(DATA SUPPLIED begins)
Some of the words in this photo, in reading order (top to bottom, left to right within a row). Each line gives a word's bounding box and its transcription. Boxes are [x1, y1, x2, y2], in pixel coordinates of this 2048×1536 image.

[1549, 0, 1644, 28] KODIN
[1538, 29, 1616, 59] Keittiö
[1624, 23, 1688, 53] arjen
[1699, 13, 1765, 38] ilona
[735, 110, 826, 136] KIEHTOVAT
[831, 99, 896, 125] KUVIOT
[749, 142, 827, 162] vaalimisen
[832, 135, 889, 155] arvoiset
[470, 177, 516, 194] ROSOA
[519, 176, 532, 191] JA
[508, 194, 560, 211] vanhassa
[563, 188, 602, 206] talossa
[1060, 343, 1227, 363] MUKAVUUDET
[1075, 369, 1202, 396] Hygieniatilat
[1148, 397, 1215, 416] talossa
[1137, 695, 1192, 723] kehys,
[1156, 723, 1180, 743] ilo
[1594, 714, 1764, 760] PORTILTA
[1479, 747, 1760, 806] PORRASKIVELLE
(DATA SUPPLIED ends)
→ WORK TO COMPLETE
Return the entries above exactly as they were written.

→ REPLY
Some of the words in this photo, in reading order (top to bottom, left to right within a row). Each line gives a word's bounding box and its transcription. Boxes are [x1, y1, x2, y2], in pixel coordinates of this 2048×1536 image.

[1549, 0, 1644, 28] KODIN
[1538, 29, 1616, 59] Keittiö
[1624, 23, 1688, 53] arjen
[1699, 13, 1765, 38] ilona
[735, 110, 826, 136] KIEHTOVAT
[831, 99, 896, 125] KUVIOT
[749, 142, 827, 162] vaalimisen
[832, 135, 889, 155] arvoiset
[470, 177, 516, 194] ROSOA
[519, 176, 532, 191] JA
[508, 194, 560, 211] vanhassa
[563, 188, 602, 206] talossa
[1060, 343, 1227, 363] MUKAVUUDET
[1075, 369, 1202, 396] Hygieniatilat
[1148, 397, 1215, 416] talossa
[1137, 695, 1192, 723] kehys,
[1156, 723, 1180, 743] ilo
[1594, 714, 1764, 760] PORTILTA
[1479, 747, 1760, 806] PORRASKIVELLE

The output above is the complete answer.